Peut-on parler aujourd’hui, comme certains sociologues, journalistes et même historiens, d’un « retour des années 1930 » ?
Je ne le pense pas. La configuration internationale est tout à fait différente. Il n’y a pas de système communiste avec Moscou, le Komintern, etc. Il n’y a pas d’Allemagne nazie… Je crois donc que parler de retour des années 1930 est une paresse intellectuelle. Il y a bien évidemment des analogies, ou plutôt des invariants. Notamment le fait que la crise économique fait toujours ressortir ce qu’il y a de pire chez l’homme. Ou bien des formes d’antisémitisme anciennes, chez une extrême droite catholique intégriste et homophobe. On retrouve donc certains mécanismes. Mais je suis d’abord « marc-blochienne », avec le Marc Bloch de l’Étrange Défaite, qui dit que l’étude du passé ne doit pas nous amener à penser que l’histoire se répète, mais nous aider à penser le neuf et le surprenant. Or, nous sommes dans du neuf et dans du surprenant. Celui d’un monde globalisé, où les systèmes d’information ont changé, un monde de l’instantanéité. Et un monde où apparaissent des mouvements islamistes, que je connais très mal et je le regrette. Aussi, dire que nous vivons un retour des années 1930 est une erreur d’appréciation qui ne nous aide pas à penser ce que nous vivons actuellement.
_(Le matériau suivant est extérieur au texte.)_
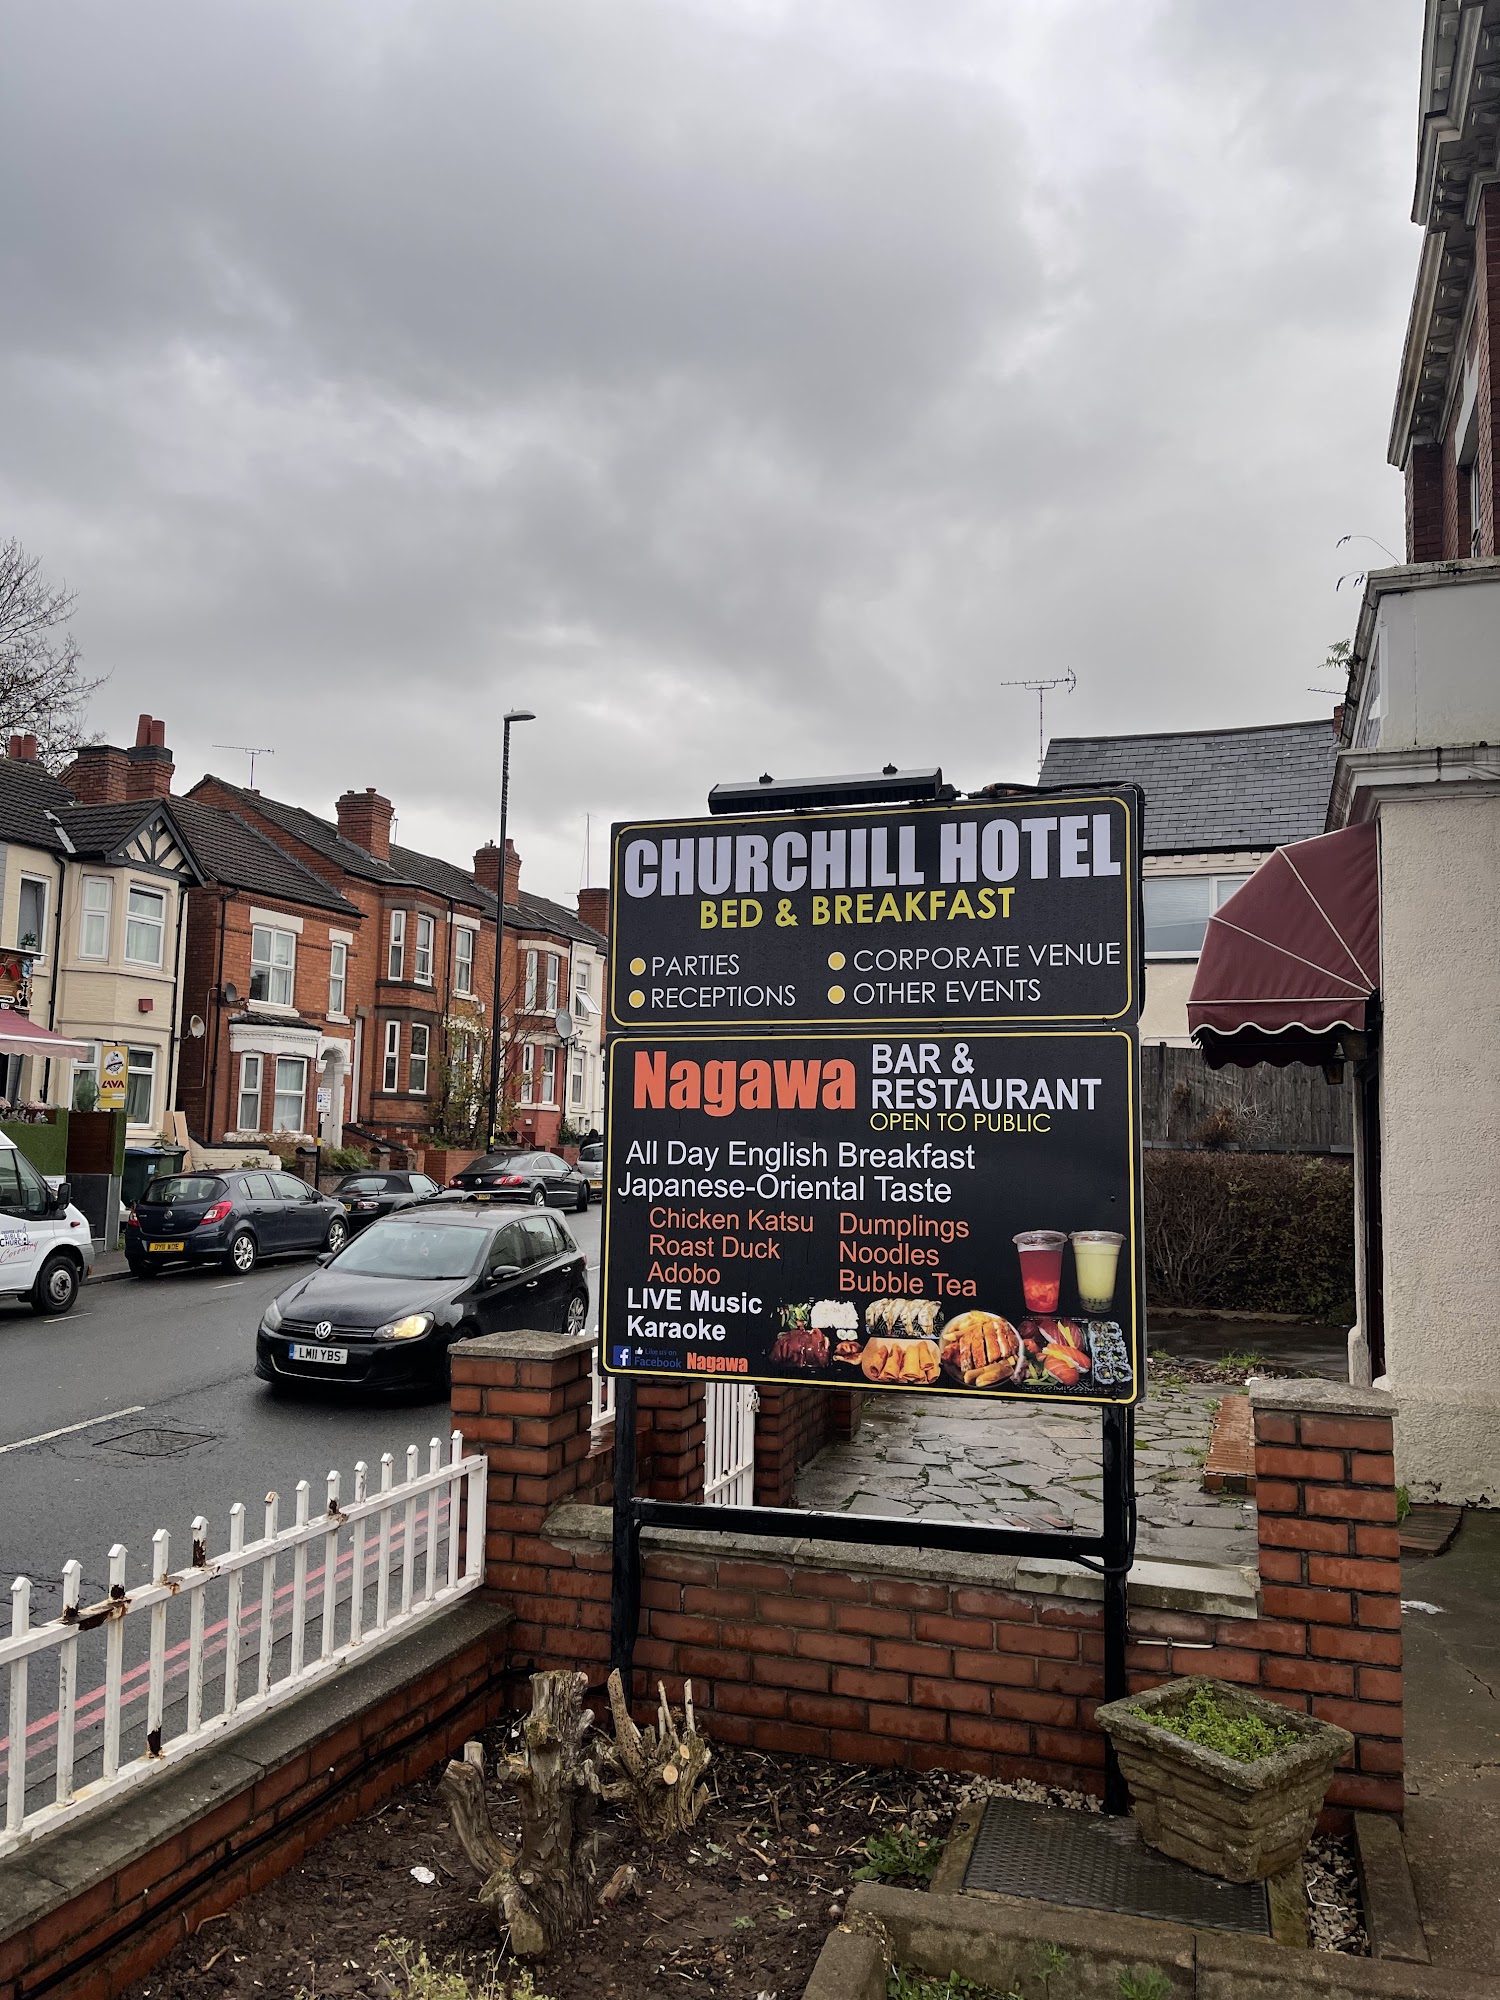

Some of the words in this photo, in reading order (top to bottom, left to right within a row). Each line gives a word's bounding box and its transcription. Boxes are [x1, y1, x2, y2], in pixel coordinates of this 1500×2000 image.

[625, 826, 924, 898] CHURCHILL
[940, 814, 1121, 883] HOTEL
[701, 899, 762, 929] BED
[776, 899, 798, 927] &
[813, 887, 1015, 925] BREAKFAST
[652, 954, 739, 976] PARTIES
[854, 946, 1019, 971] CORPORATE
[1028, 943, 1120, 966] VENUE
[652, 985, 795, 1008] RECEPTIONS
[854, 982, 935, 1004] OTHER
[947, 979, 1040, 1002] EVENTS
[873, 1044, 941, 1074] BAR
[952, 1043, 974, 1074] &
[102, 1080, 124, 1088] LAVA
[634, 1051, 855, 1116] Nagawa
[872, 1079, 1101, 1110] RESTAURANT
[870, 1113, 929, 1130] OPEN
[937, 1113, 966, 1131] TO
[975, 1114, 1050, 1132] PUBLIC
[626, 1141, 657, 1164] All
[668, 1141, 719, 1171] Day
[729, 1141, 827, 1172] English
[839, 1142, 975, 1169] Breakfast
[618, 1172, 864, 1202] Japanese-Oriental
[874, 1176, 951, 1203] Taste
[650, 1207, 739, 1229] Chicken
[749, 1210, 813, 1232] Katsu
[840, 1213, 969, 1240] Dumplings
[650, 1235, 714, 1257] Roast
[723, 1237, 780, 1259] Duck
[840, 1241, 939, 1265] Noodles
[648, 1262, 720, 1284] Adobo
[840, 1269, 923, 1294] Bubble
[932, 1273, 976, 1296] Tea
[628, 1288, 681, 1310] LIVE
[690, 1290, 762, 1314] Music
[628, 1315, 725, 1340] Karaoke
[320, 1350, 341, 1361] YBS
[634, 1357, 682, 1369] Facebook
[687, 1352, 748, 1373] Nagawa
Vous avez relevé que l’État défendait les juifs. Mais est-ce que les autorités se mobilisent autant contre les actes islamophobes ?
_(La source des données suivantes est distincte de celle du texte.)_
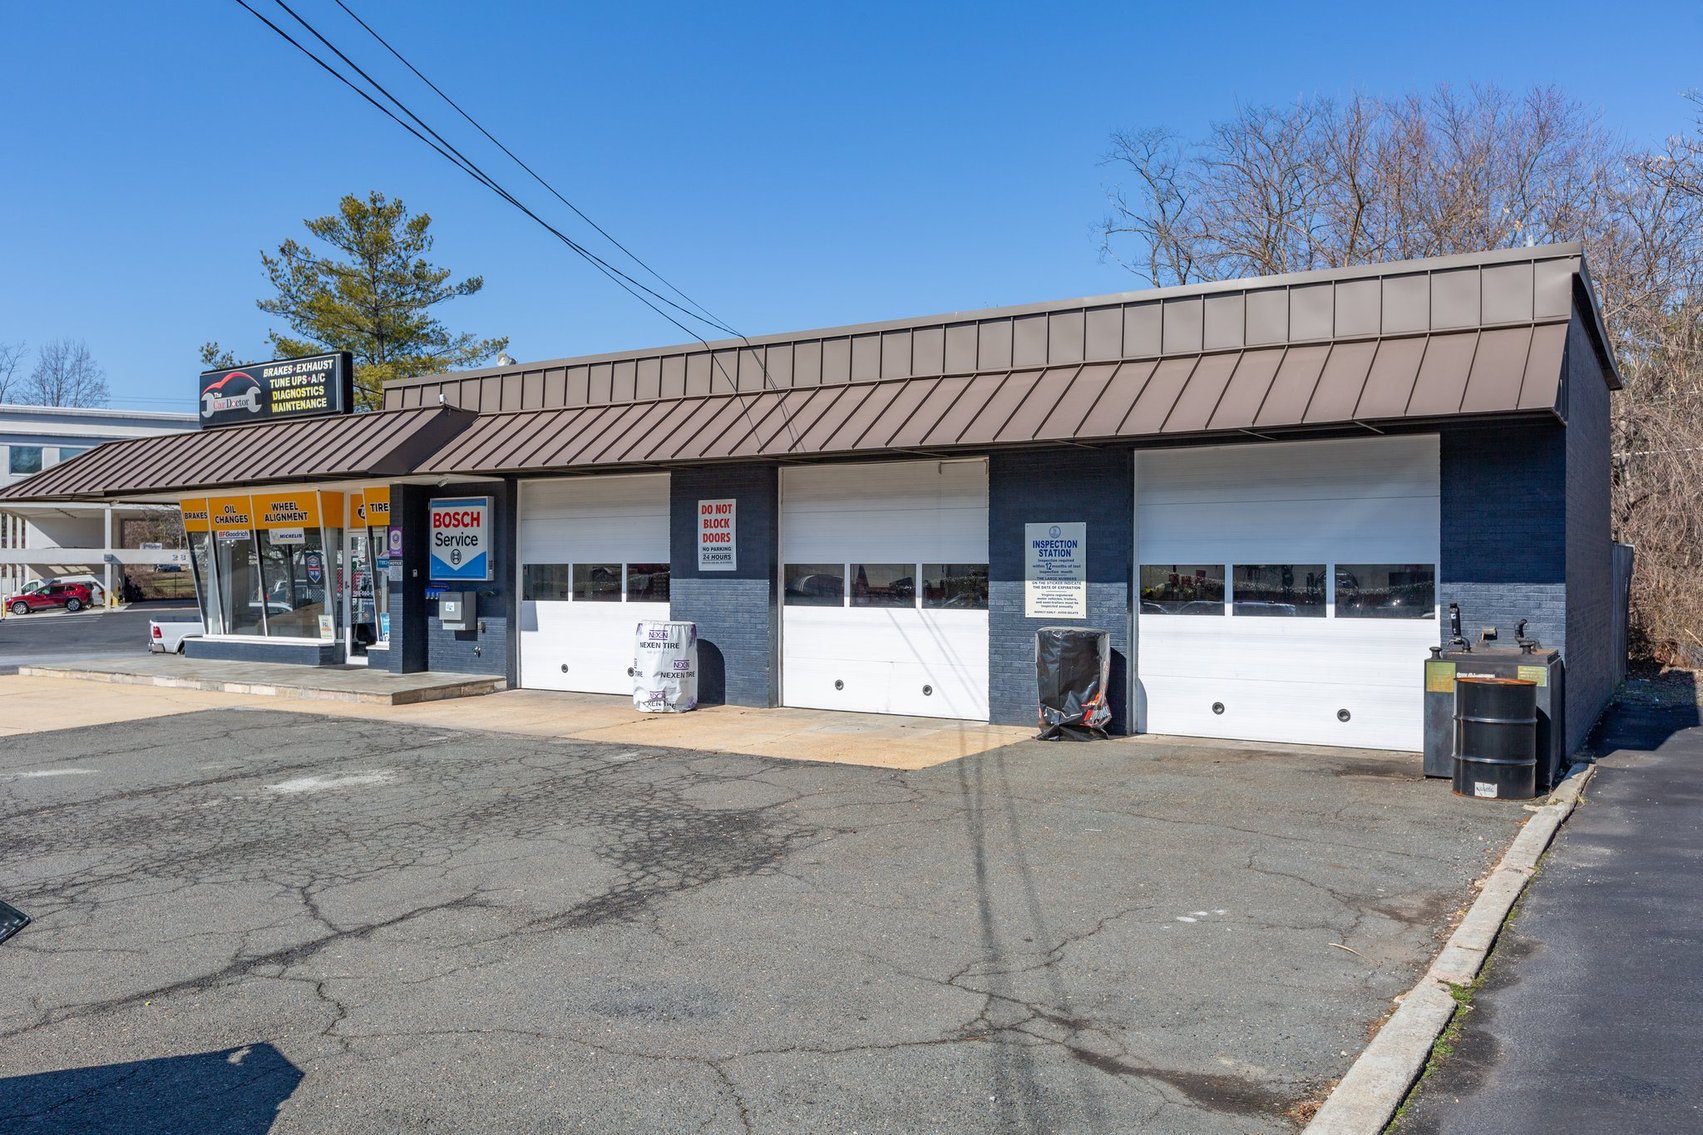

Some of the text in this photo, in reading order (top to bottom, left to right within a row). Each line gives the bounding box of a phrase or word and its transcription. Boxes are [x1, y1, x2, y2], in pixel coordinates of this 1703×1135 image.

[263, 360, 333, 378] BRAKES EXHAUST
[270, 373, 326, 388] TUNE UPS A/C
[272, 386, 324, 400] DIAGNOSTICS
[213, 398, 249, 410] Car Doctor
[272, 398, 327, 413] MAINTENANCE
[224, 506, 236, 514] OIL
[272, 502, 298, 511] WHEEL
[702, 504, 732, 514] DO NOT
[184, 512, 208, 520] BRAKES
[214, 515, 248, 524] CHANGES
[264, 512, 308, 522] ALIGNMENT
[433, 512, 480, 528] BOSCH
[704, 519, 730, 529] BLOCK
[435, 532, 478, 547] Service
[703, 533, 731, 543] DOORS
[1032, 540, 1078, 548] INSPECTION
[1039, 549, 1071, 557] STATION
[1045, 562, 1052, 570] 12
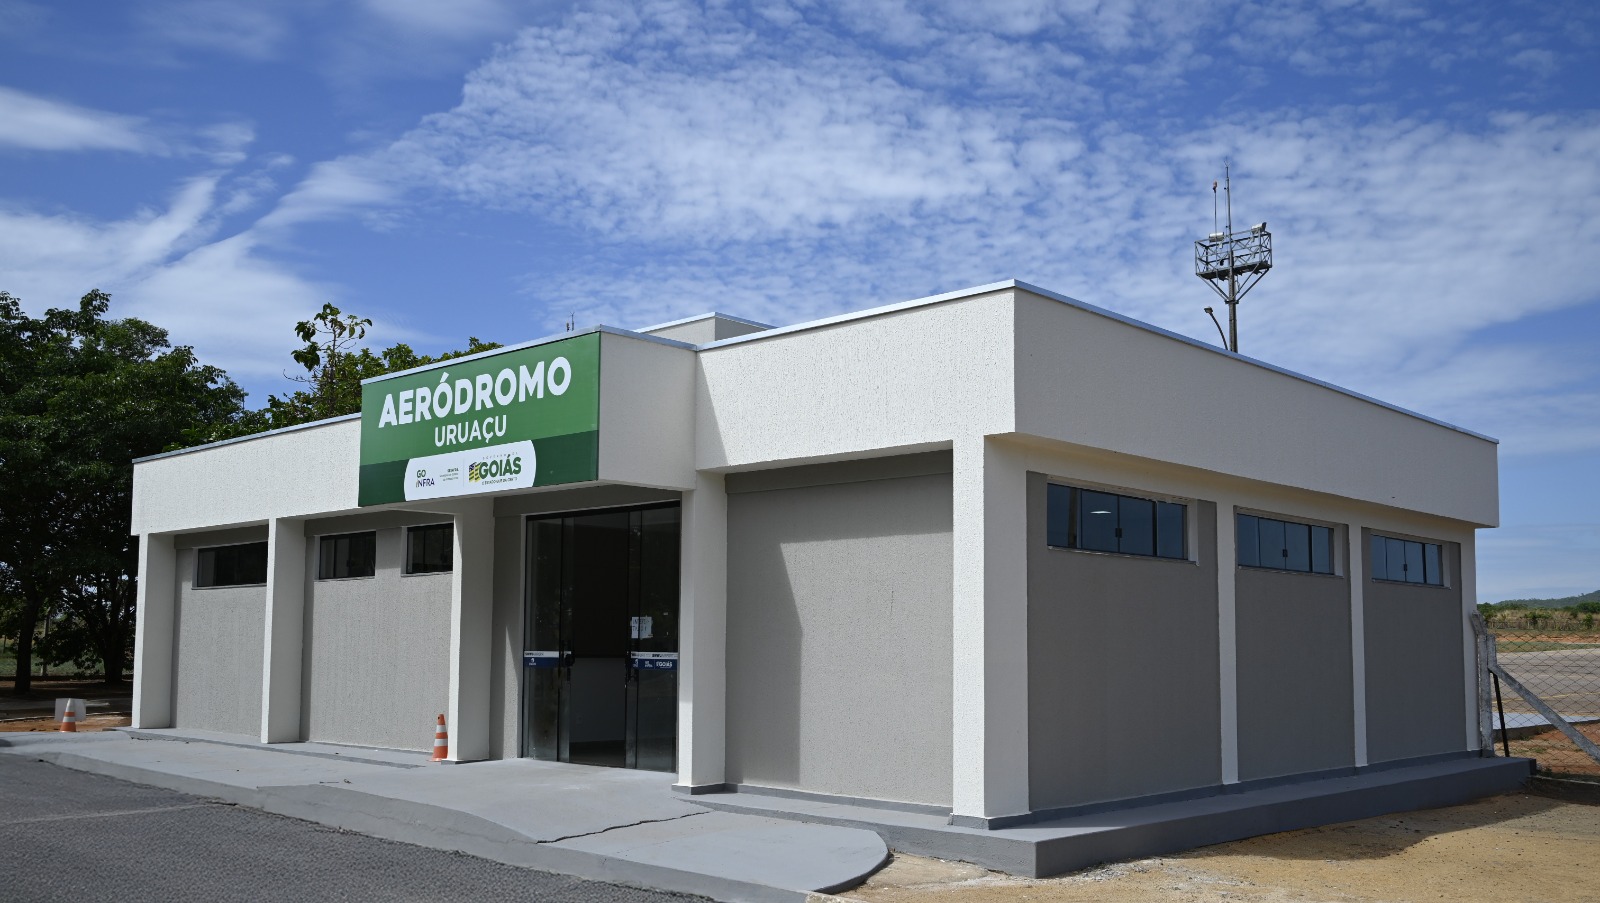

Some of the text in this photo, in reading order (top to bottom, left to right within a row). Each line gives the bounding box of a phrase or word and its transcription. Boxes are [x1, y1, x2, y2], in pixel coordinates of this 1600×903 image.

Je sais que l’on entend cela très souvent. Des journalistes le disent ; des auditeurs appelant les radios le disent. On entend ainsi : « En France, quand on tue un juif, tout le monde se mobilise, et quand on tue un musulman, personne ne se mobilise… » Mais je demande : quand a-t-on tué un musulman ? Il existe des actes islamophobes, c’est exact, et c’est tout à fait condamnable. Il y a eu aussi une profanation de cimetière juif dans le Bas-Rhin il y a quelques jours. Et depuis que je suis née, j’ai toujours entendu parler de profanations de cimetières juifs. Mais je fais une différence entre ce type d’actes et des assassinats. Il faut arrêter de parler de cette prétendue différence de mobilisations, parce que, à l’heure actuelle, on n’assassine pas les musulmans parce qu’ils sont musulmans. Je dis bien : à l’heure actuelle. Même si je n’ai pas oublié les ratonnades de l’époque de la guerre d’Algérie, ni les Algériens jetés dans la Seine. Mais nous parlons d’aujourd’hui. Et cette équivalence qui est souvent posée n’existe pas. C’est la première chose à dire. Si demain, ce que je n’espère pas, il y avait un attentat du même genre que celui de la rue Copernic, mais visant des musulmans parce qu’ils sont musulmans, dans un lieu de culture, un lieu de culte ou même dans une boucherie hallal, je serais dans la rue ; nous serions tous dans la rue aussi.
Le terme « islamo-fasciste » a été souvent prononcé ces derniers jours. Que vous inspire-t-il ?
Il faut toujours distinguer ce qui est de l’ordre de la politique, de la formule destinée à faire mouche et ce qui est de l’ordre de l’analyse. Ce qui apparaît aujourd’hui, et que tous les spécialistes des mondes musulmans savent et disent, c’est qu’il n’y a pas un islam, mais des islams, différents selon les périodes et selon les pays, et cohabitant parfois de façon violente dans le même espace. De la même façon, le terme de « fascisme » est utilisé pour désigner dans l’histoire des réalités différentes. Mettre un trait d’union entre ces deux termes peut inciter à la lutte contre ceux qui assassinent au nom de l’islam. Je ne suis pas certaine que cela aide à comprendre.